Apache Pinot #troubleshooting

Shreeram Goyal

03/17/2023, 11:15 AM

Hi, I am using pinot release v0.12.0 and have set my timeboundary as max value of timecolumn of the offline segments using swagger api:

POST /tables/{tableName}/timeBoundary

. I tried querying the data residing in offline servers on both pinot query console and presto. On querying, I found that while I get the correct data on pinot query console, the last row is missing on presto.
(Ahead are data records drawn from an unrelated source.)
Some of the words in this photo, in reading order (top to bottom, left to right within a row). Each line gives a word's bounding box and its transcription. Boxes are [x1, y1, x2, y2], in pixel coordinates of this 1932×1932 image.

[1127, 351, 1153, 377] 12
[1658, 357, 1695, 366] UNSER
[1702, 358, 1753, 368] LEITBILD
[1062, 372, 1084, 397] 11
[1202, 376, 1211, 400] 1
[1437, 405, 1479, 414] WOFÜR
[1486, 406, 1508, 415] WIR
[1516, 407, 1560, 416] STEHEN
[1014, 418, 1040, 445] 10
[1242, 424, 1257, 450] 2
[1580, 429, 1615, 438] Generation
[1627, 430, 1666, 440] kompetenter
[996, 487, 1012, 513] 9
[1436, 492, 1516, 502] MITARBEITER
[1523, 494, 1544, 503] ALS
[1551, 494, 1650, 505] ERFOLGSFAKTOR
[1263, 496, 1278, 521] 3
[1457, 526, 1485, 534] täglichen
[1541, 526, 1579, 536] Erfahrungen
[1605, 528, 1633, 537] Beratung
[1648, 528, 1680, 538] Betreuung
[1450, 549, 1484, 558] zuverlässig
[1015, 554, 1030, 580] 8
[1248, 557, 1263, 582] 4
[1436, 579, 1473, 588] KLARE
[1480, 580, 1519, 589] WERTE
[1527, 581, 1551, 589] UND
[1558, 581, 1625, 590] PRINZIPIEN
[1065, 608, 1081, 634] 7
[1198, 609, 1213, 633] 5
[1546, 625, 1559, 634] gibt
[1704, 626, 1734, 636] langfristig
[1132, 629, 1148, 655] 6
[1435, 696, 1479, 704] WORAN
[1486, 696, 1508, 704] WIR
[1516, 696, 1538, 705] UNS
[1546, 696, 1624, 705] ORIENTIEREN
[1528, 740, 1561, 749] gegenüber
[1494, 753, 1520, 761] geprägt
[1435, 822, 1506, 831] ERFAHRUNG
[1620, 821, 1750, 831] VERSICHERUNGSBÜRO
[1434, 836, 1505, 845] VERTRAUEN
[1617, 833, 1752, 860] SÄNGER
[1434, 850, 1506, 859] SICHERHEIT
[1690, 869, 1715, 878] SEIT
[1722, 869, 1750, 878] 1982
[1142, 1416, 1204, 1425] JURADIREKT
Can someone please help me understand and debug this?

himanshu yadav

03/17/2023, 1:56 PM

Hi, has anyone ever tried to bootstrap realtime upsert table using flink our pinot version is 0.11.0 we are facing this issue https://apache-pinot.slack.com/archives/C01S5EHPS2U/p1679035695669099

Jun

03/19/2023, 4:17 PM

Hi Team, I found a potential flaky test, could anyone help me confirm that? https://github.com/apache/pinot/issues/10442 (Sorry I should not have post this to #CDRCA57FC)

Varagini Karthik

03/20/2023, 9:59 AM

Hi All, I'm trying to execute the TEXT_MATCH
from Trio on Pinot table...... Iam getting the following error

trino error: line 4:10: Function 'text_match' not registered

this is my query

Copy code

Select *
   from pinot.default.jobTitles
   where TEXT_MATCH(jobTitle, 'Java Developer')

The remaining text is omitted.